I thought that nurses were supposed to call and check on you.. they didn’t... and I was in pain. I had an infection, I had a high fever and a toddler I was taking care of and going to work with a smile on my face like my life wasn’t in shambles at that moment.
I didn’t tell anyone, I kept it inside. I abused myself with terrible words.. HELL! there was even nights that I hate myself so much that I would go google abortion and force myself to look at all of the terrible things people on the Internet are saying about people who have abortions. I believed them! I punished myself with NEVER having sex.. I punished myself with NEVER going on a date.. I punished my daughter by disconnecting from her because I felt like I didn’t deserve to be a mother!
My mom/s bf- would tell me, “God’s work” or “God’s punishing you” when I found out I had an infection. “Gods punishing you” when I fell ill with the flu.. like everything for years after was because of that ONE TERRIBLE THING I did...
Well guess what.
One day, someone (a therapist friend) had tea with me. she said, “what kind of things do you say to yourself that no-one else can hear?”
....
“You’re abusing yourself” she said. Every relationship that you’ve ever been in, you’ve been abused by that man. You’ve been molested as a child, sexually assaulted and raped, you’ve been abused by your own family... and now that you’re not being abused..... you’re only doing what you know how.. you’re abusing yourself.
and something shifted. I realized... she’s right!!
One day I was scrolling through pictures and that’s when this picture popped up.
I realized that it’s true, that it’s OK I had an abortion. It’s okay. it’s OKAY!! I did what I had to at the time. I made a decision based on what I felt and had at the time. I can’t compare who I was then and this situation I was in then, to where I am now.
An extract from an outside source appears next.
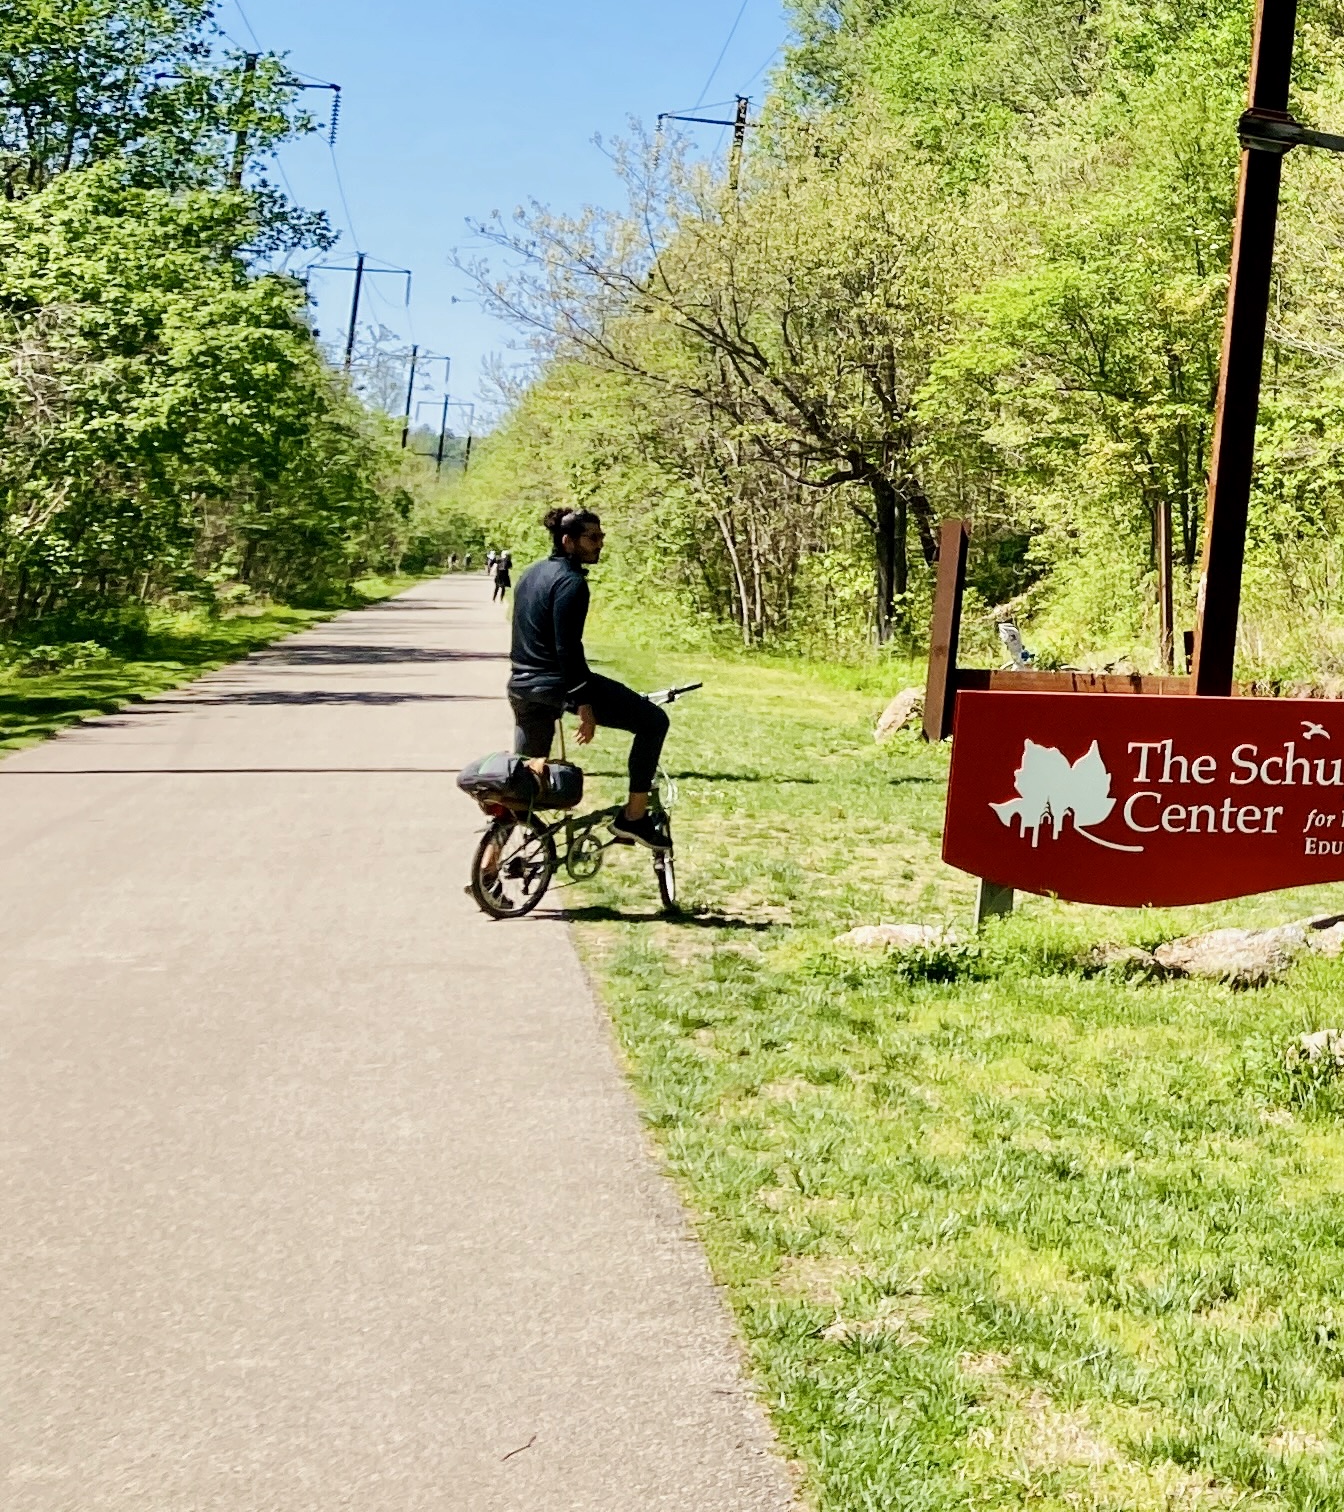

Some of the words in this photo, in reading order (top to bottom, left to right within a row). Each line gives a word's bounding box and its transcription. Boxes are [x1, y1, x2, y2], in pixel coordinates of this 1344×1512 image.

[1127, 738, 1217, 785] The
[1123, 791, 1284, 834] Center
[1302, 808, 1336, 834] for
I’ve grown. I had the abortion, and I’ve grown from it. So have you. We grow every day and we are not who we were then. We don’t have what we had then.
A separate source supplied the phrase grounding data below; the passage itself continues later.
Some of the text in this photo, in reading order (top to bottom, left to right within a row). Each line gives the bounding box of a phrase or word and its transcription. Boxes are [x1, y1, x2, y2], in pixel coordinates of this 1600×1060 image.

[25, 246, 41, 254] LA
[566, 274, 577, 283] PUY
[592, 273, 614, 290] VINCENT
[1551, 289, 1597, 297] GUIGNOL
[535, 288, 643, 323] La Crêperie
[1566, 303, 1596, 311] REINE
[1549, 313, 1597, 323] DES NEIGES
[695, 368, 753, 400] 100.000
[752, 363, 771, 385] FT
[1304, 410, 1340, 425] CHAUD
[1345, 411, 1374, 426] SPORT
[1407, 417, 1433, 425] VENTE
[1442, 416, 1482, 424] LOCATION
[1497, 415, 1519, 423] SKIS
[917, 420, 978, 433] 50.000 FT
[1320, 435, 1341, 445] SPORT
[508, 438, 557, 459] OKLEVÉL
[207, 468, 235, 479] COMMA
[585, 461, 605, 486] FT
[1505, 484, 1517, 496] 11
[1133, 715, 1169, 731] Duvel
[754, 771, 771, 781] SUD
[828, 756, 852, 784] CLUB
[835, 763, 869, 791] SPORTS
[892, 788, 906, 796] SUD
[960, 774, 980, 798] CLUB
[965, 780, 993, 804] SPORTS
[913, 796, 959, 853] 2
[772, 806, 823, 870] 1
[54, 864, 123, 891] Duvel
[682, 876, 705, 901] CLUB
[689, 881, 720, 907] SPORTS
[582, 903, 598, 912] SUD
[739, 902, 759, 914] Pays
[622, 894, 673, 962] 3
So I’m telling you so stop hating yourself.
You don’t deserve that kind of abuse.
You deserve to heal.
So, in order to heal- you need to see a therapist and start talking.
Start treating yourself with more kindness, more forgiveness.
I’m sure you question it often.. your worth, and if you’re even worthy of forgiveness? The answer to that is yes. You are worthy of forgiveness, you are worthy of having a happy, healthy life.
It’s okay. It’s time for self love, self care.
I wasn’t ready. I learned something incredible valuable from my experience.. and I promise.. if you push on, if you keep moving forward instead of being stuck in the past.. if you keep going, seek help, find love, love yourself.. and do what you can to love yourself! you will find peace. you will be at peace and you can move forward, you just need some help.
The best help, will come from talking to a therapist!
It’s a dark shadow of a secret and a huge shame to carry- but you don’t even know that you don’t have to.
Because, it’s okay to have had an abortion.
And to answer your question, yes. Yes it gets better. I promise!